After my arrival home from shopping with this bounty, I washed and then rinsed in bleach all the items, including the can of tomato paste and the smoked fish.
The following day she arrived for my cooking lesson. Our biggest disconnect was my need to measure items in teaspoons and cups, which is absolutely foreign to them. Recipes happen based on "look, smell, and experience." When I began to record the steps of our cooking and asked her how many cups of rice we needed, I got a polite smile and a muffled giggle.
We made Jollof Rice - which contains onions, tomatoes, tomato paste, small green chiles, small red chiles, garlic, ginger (African ginger is HOT), fish, rice, cabbage, green beans, carrots, green onions, bell peppers, oil, and water.
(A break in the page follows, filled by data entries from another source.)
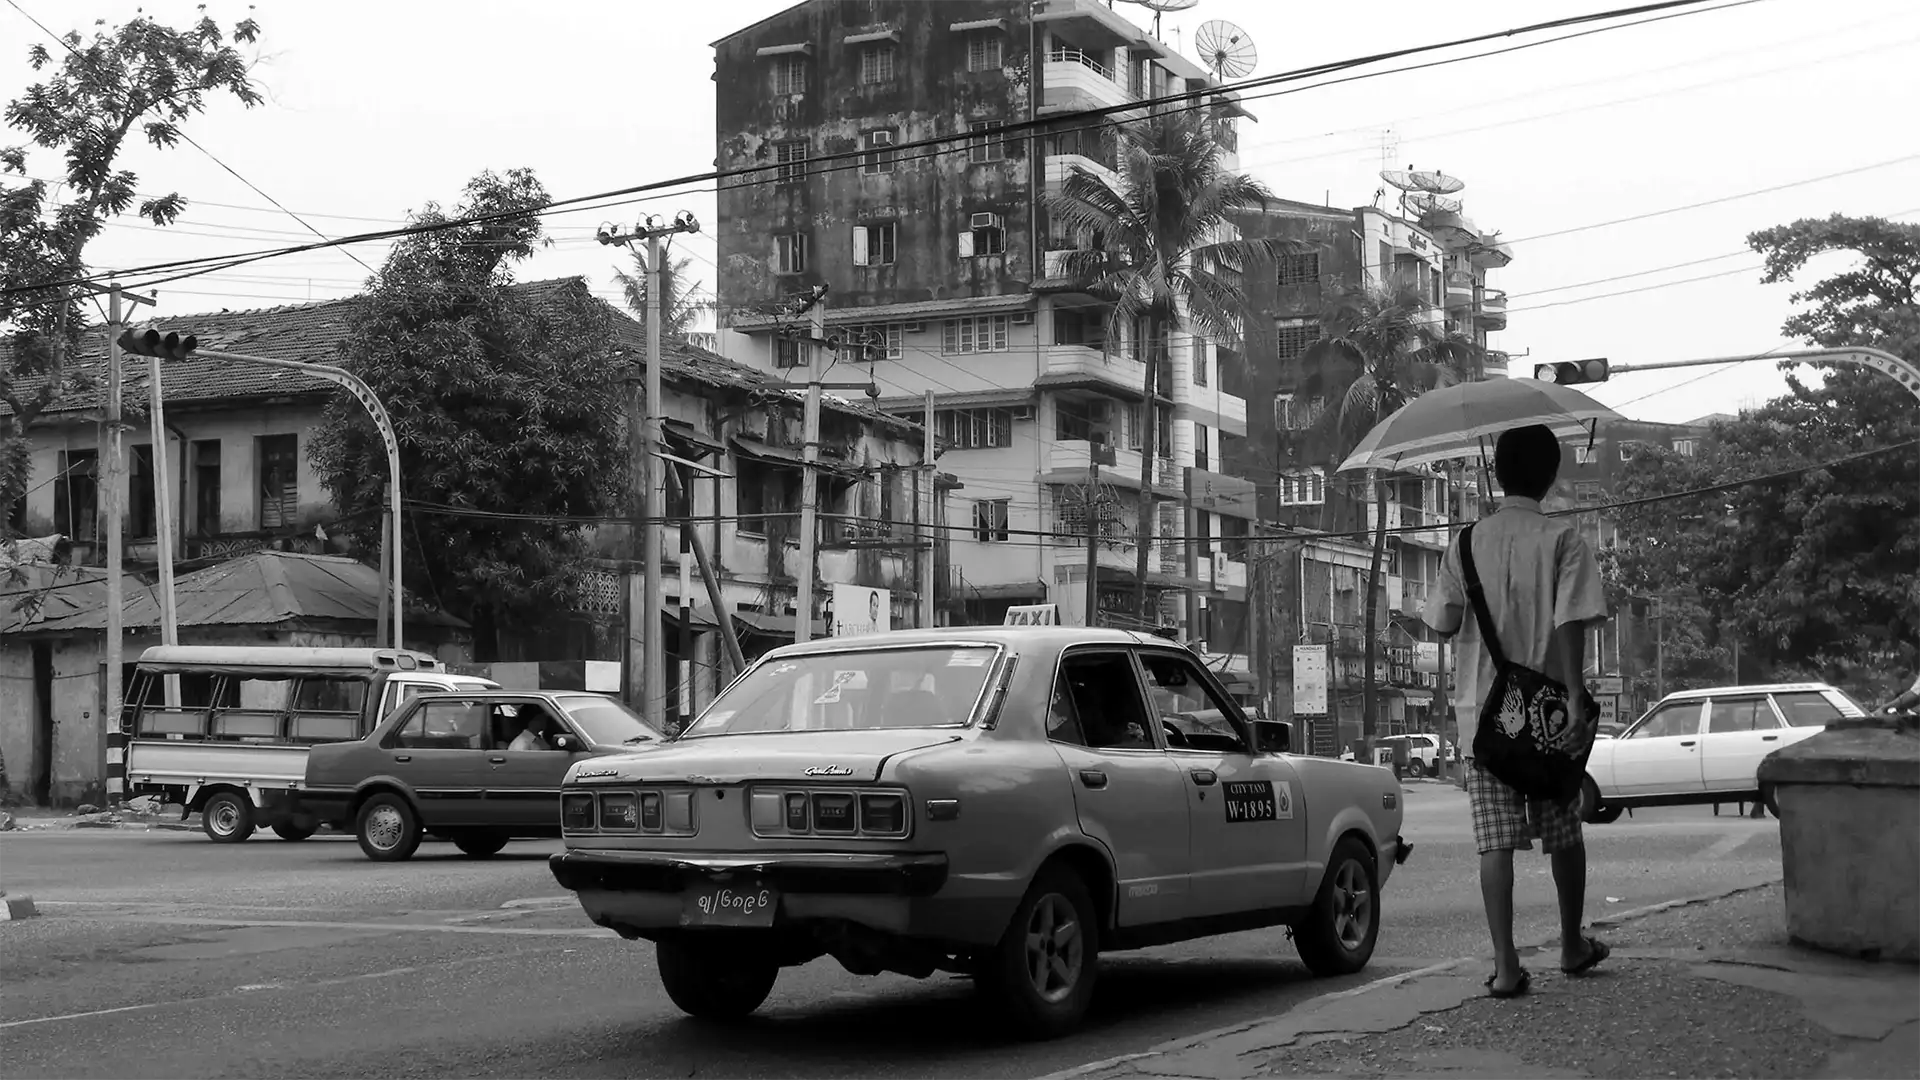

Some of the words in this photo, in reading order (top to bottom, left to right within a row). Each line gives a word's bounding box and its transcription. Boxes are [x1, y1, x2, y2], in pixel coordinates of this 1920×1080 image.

[1008, 609, 1051, 626] TAXI
[1230, 783, 1247, 794] CITY
[1249, 783, 1266, 794] TAXI
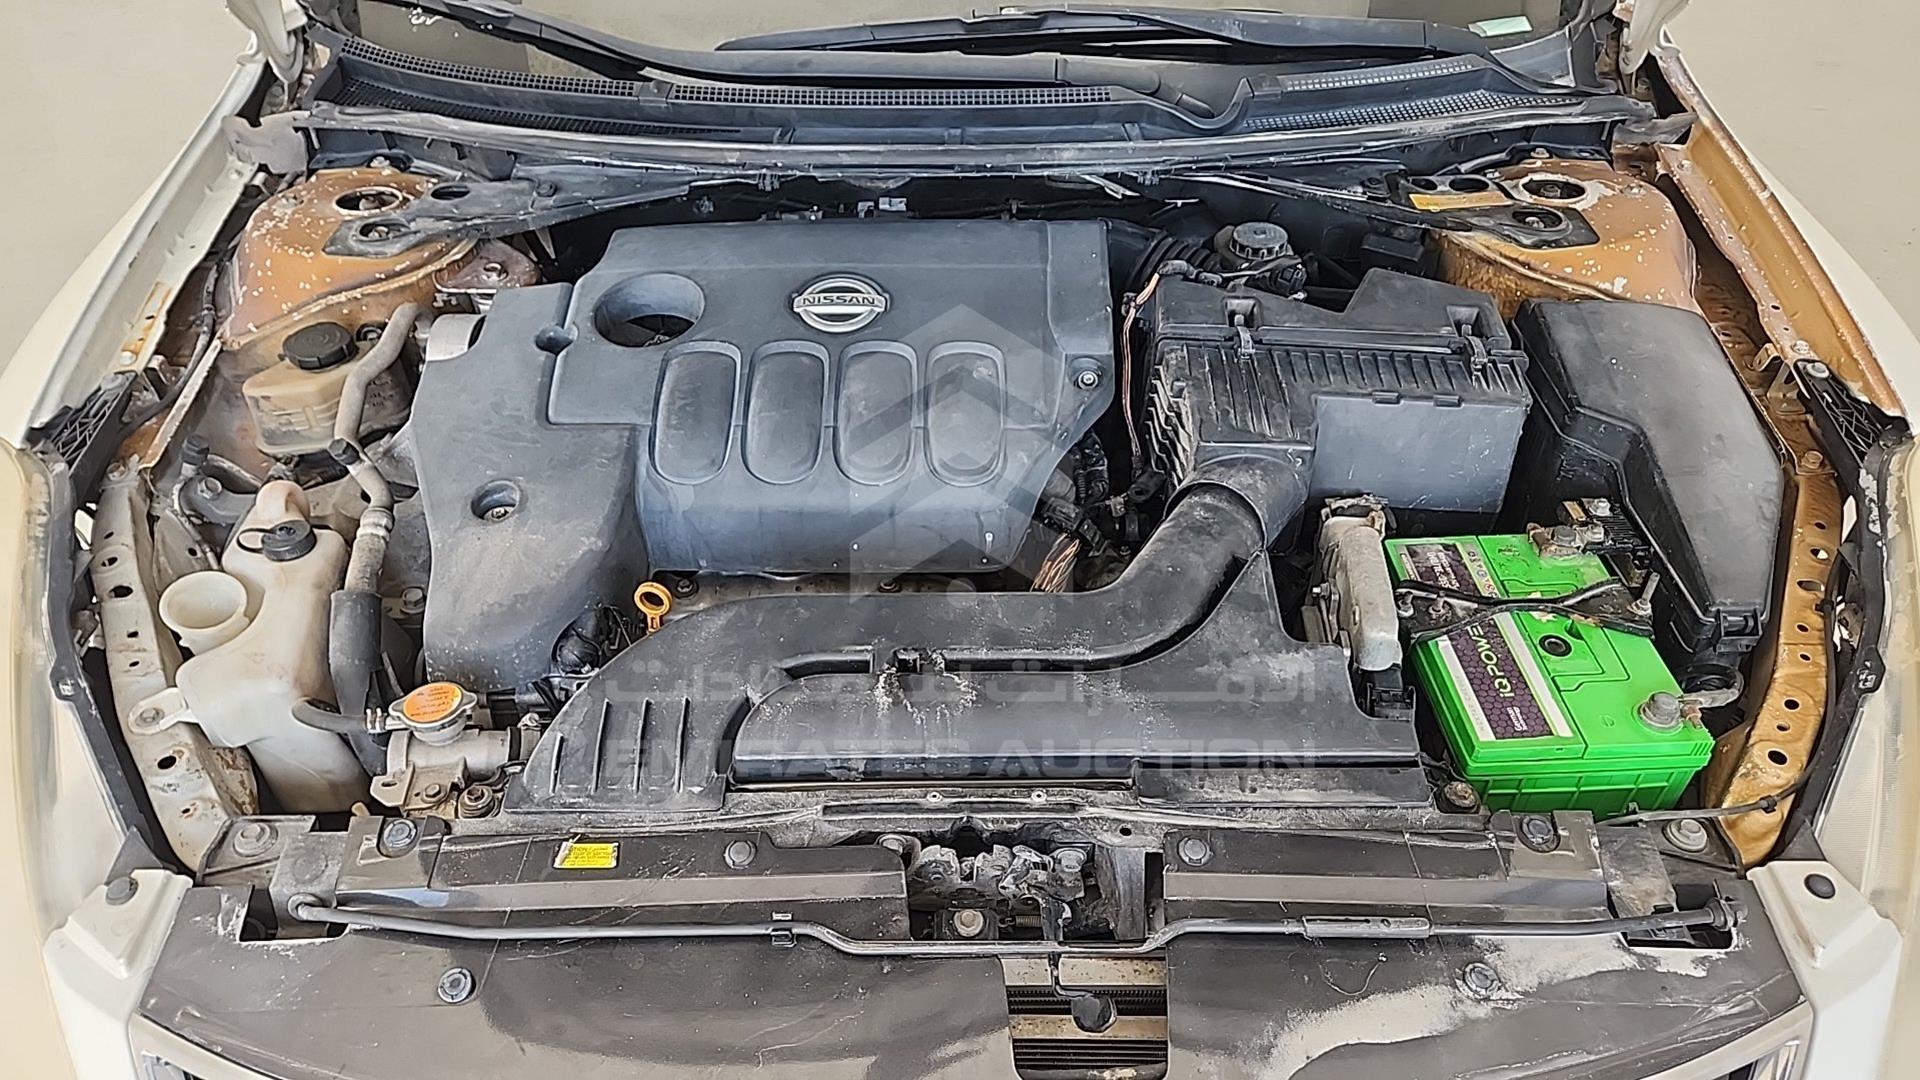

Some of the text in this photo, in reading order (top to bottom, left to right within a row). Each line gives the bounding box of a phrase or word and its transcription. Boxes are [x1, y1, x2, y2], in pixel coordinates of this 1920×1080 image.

[802, 295, 876, 305] NISSAN
[1466, 622, 1514, 698] iQPOWE
[1506, 706, 1524, 731] German
It is a 2 hour process, but very worth it. We made enough to feed a small army.
We also made Okra Stew. Okra are season right now and you see them everywhere. I'm very fond of fried okra. You can't find that here. For this dish we used a chicken, onions, small green chiles, ginger, garlic, 20 chopped okra, 10 garden eggplant (imagine very small white eggplant), African spinach, red oil (palm oil), salt, bouillon and water. This dish took an hour to prepare. Boiled okra is slimy, no matter how you cut it, so you'll just have to imagine that when you think about eating this.
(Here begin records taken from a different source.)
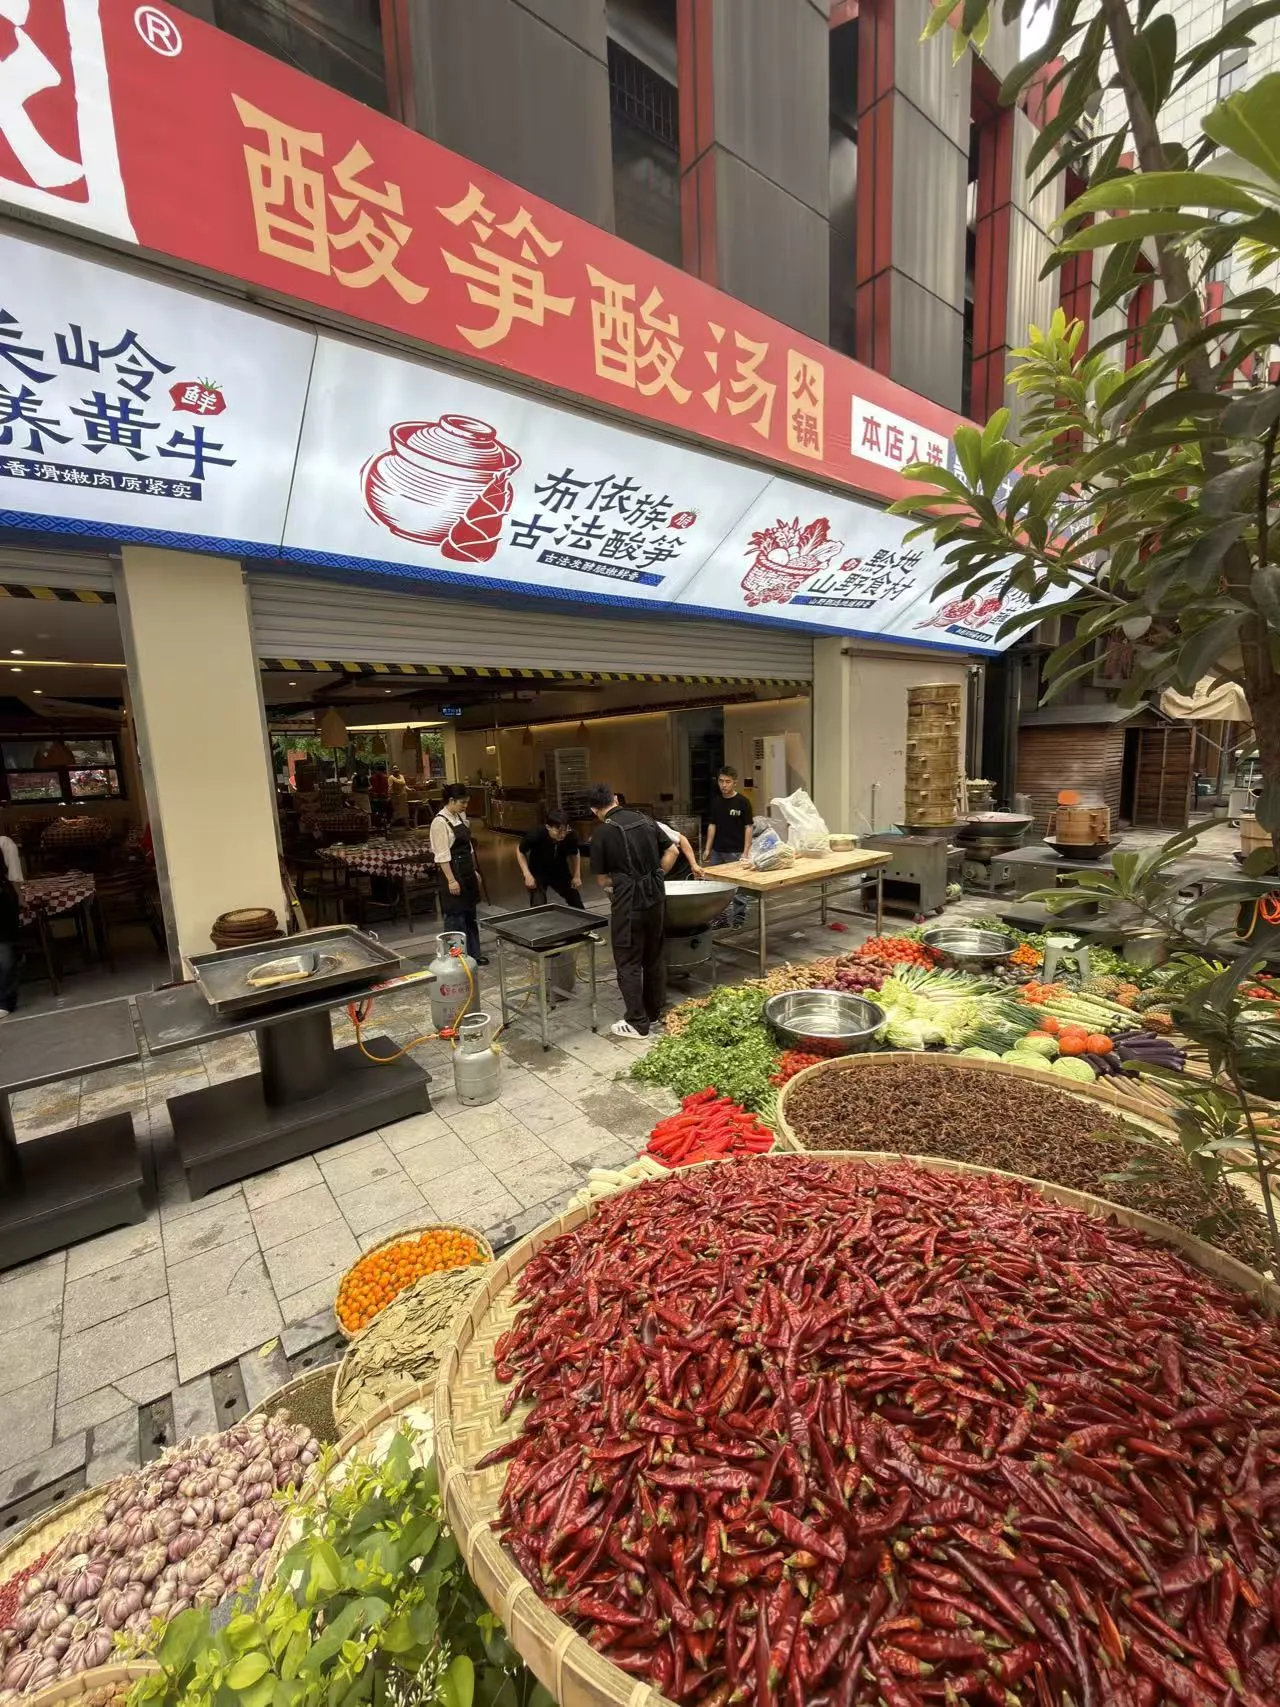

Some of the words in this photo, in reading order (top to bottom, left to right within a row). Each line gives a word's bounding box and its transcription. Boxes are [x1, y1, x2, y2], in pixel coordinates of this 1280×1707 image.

[231, 93, 777, 440] 酸笋酸汤
[181, 385, 217, 413] 鲜
[791, 363, 821, 452] 火锅
[861, 415, 943, 466] 本店入选
[534, 467, 674, 532] 布依族
[509, 514, 687, 569] 古法酸笋
[859, 549, 924, 576] 黔地
[807, 571, 916, 601] 山野食材
Making fufu was a bit like making play dough. To begin, I mixed together with my hand the cassava, maize and water to a smooth consistency (like making mud pies as a girl). Then we began to cook it, stirring constantly as it changed color (from white to light yellow) and thickened. I was amazed how much work it was to beat this dough as it cooked. I was cautioned that you must always cook this at least 40 minutes or you will get terrible diarrhea. Having received the warning, I cheerfully continued to cook and beat the dough.
I invited her to stay for dinner. She had to go before Gregg would get home, so she ate immediately. The way the locals eat this meal is with their hands, which was fine with me. It was very interesting to watch her pinch off the dough and dip it in the Okra stew. She was very pleased with the outcome of our project. Gregg, who will eat just about anything, thought it was great!